日本の防衛省が昨年7月に公表した令和3年版防衛白書では、「北朝鮮は、(略)核兵器の小型化・弾頭化を実現し、これを弾道ミサイルに搭載してわが国を攻撃する能力を既に保有している」と書いた。ただ、白書は「長射程の弾道ミサイルの実用化のためには、弾頭部の大気圏外からの再突入の際に発生する超高温の熱などから再突入体を防護する技術についてさらなる検証が必要になると考えられる」と述べ、米本土に届くICBMはまだ大気圏再突入技術を獲得していないと見ていた。

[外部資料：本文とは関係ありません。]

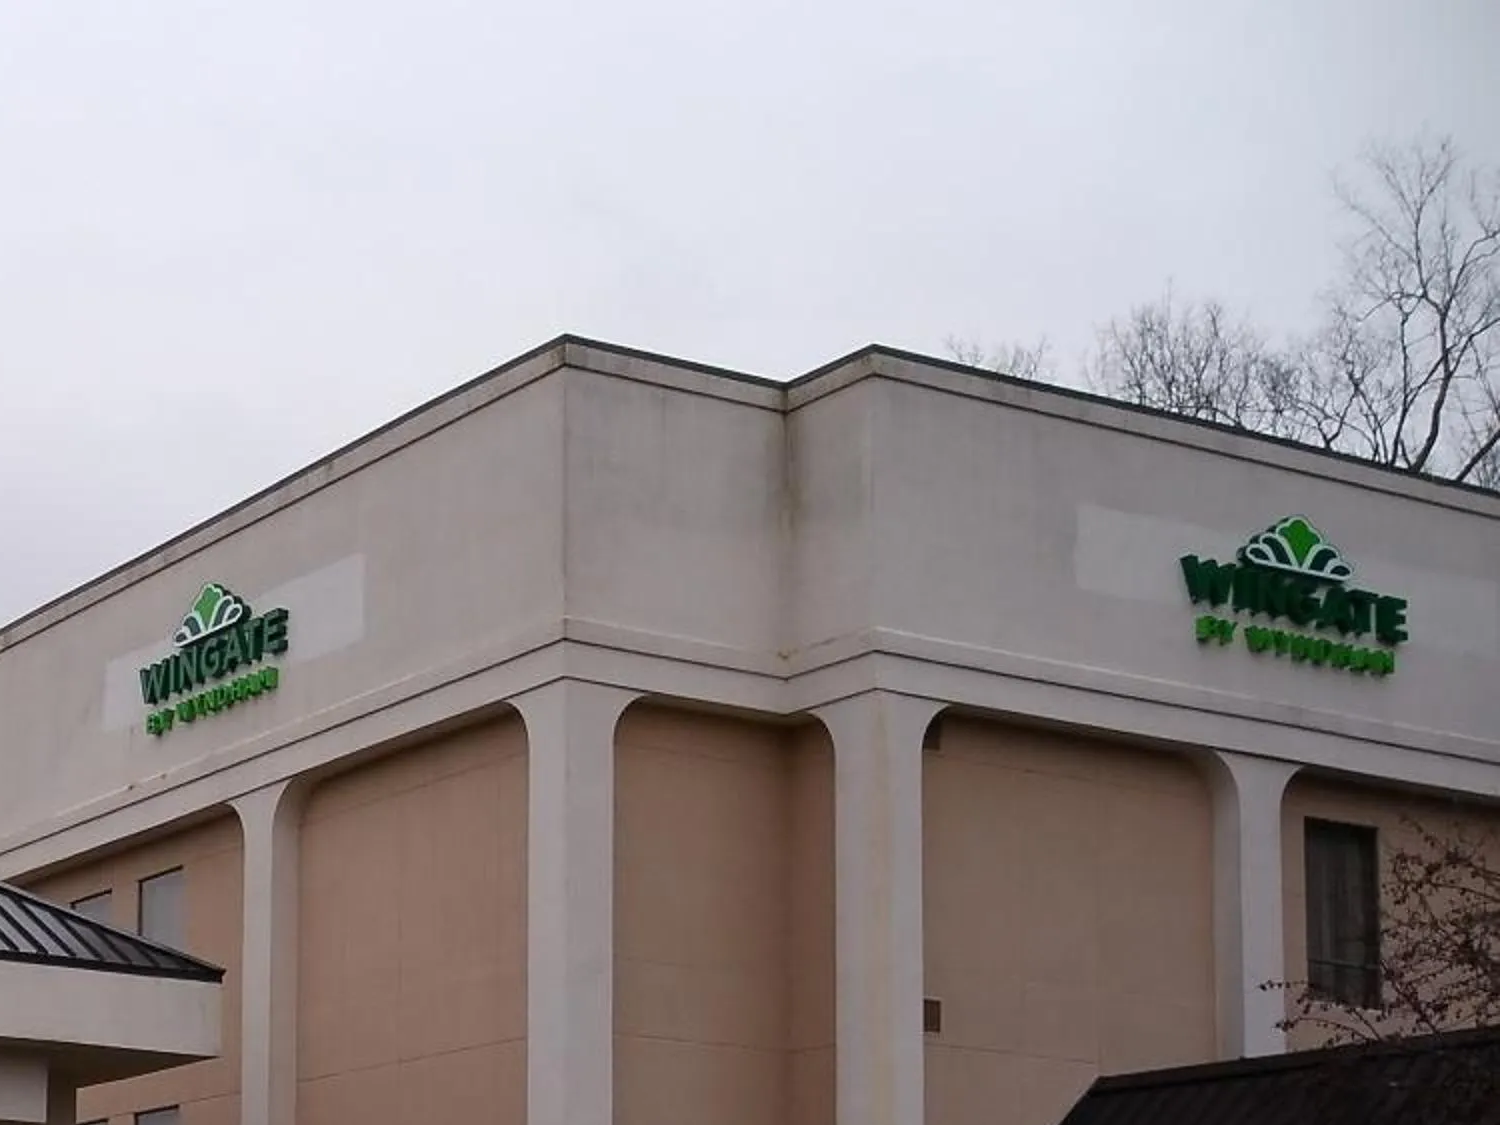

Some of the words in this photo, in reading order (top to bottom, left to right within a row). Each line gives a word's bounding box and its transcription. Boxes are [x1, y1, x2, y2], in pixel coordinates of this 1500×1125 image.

[1180, 554, 1408, 645] WINGATE
[139, 607, 288, 705] WINGATE
[146, 708, 175, 735] BY

その有力な根拠は、2017年11月に試射されたICBM「火星15」の弾頭が大気圏に再突入した際、高熱と空気抵抗により三つに割れてしまったことにあった。
だから、3月の試射で一番注目すべきことは、弾頭の大気圏再突入が成功したかどうかである。関係者によると、少なくとも再突入後に幾つかに割れることはなかった。北朝鮮が米本土核攻撃能力獲得の最後の壁と言うべき再突入技術を獲得したかどうか、当局の判断が待たれるところだ。ただ、北朝鮮の技術が刻一刻進歩していることだけは間違いない。
●検討すべき独自の核抑止力
白書は核攻撃の脅威に対して「核抑止力を中心とする米国の拡大抑止」と「わが国自身による対処のための取組」で対応するとしているが、北朝鮮が米本土核攻撃能力を持ってしまうと、米国の抑止力は弱体化する。白書も、そのことを次のように明記している。

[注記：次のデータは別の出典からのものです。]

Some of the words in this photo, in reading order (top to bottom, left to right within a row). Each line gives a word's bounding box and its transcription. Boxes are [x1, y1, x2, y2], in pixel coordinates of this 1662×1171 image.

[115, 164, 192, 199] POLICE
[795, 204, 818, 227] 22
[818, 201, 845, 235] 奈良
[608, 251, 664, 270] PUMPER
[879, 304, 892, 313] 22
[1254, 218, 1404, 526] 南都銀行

「北朝鮮が弾道ミサイルの開発をさらに進展させ、長射程の弾道ミサイルについて再突入技術を獲得するなどした場合は、北朝鮮が米国に対する戦略的抑止力を確保したとの認識を一方的に持つに至る可能性がある。仮に、北朝鮮がそのような抑止力に対する過信・誤認をすれば、北朝鮮による地域における軍事的挑発行為の増加・重大化につながる可能性もあり、わが国としても強く懸念すべき状況となりうる」
今、北朝鮮は米本土核攻撃能力を獲得したか、その直前まで来ている。今後、北朝鮮が我が国に対しても核による恫喝をかけてくる危険は十分ある。
米国ではバイデン政権も共和党も、今年1月以降の北朝鮮による一連のミサイル発射挑発に対してほとんど関心を示していない。国連安保理はロシアと中国の反対で追加制裁はもちろん非難決議さえ出せないひどい状況だ。
●独自の核武装も選択肢
我が国が今、置かれている状況は、ソ連が米本土まで届く核ミサイルを完成したときの英仏両国の状況と同じだ。そのとき両国は、米国は米本土を危険にさらして他国を守らないかもしれないと考え、独自の核武装を決断した。

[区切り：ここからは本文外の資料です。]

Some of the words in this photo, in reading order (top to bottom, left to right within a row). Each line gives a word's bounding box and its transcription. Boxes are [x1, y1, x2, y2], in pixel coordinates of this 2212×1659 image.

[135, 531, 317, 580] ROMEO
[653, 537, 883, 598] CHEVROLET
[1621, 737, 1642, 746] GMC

自国の安全はまず自国が努力して守るしかない。我が国が核武装をしないことを約束した核拡散防止条約には「異常な事態が自国の至高の利益を危うくしていると認める場合には、その主権を行使してこの条約から脱退する権利を有する」という条文がある。北朝鮮の核恫喝はここでいう「異常な事態」にあたると私は考える。理不尽な核恫喝を受けないために何をすべきか、大議論をすべきだ。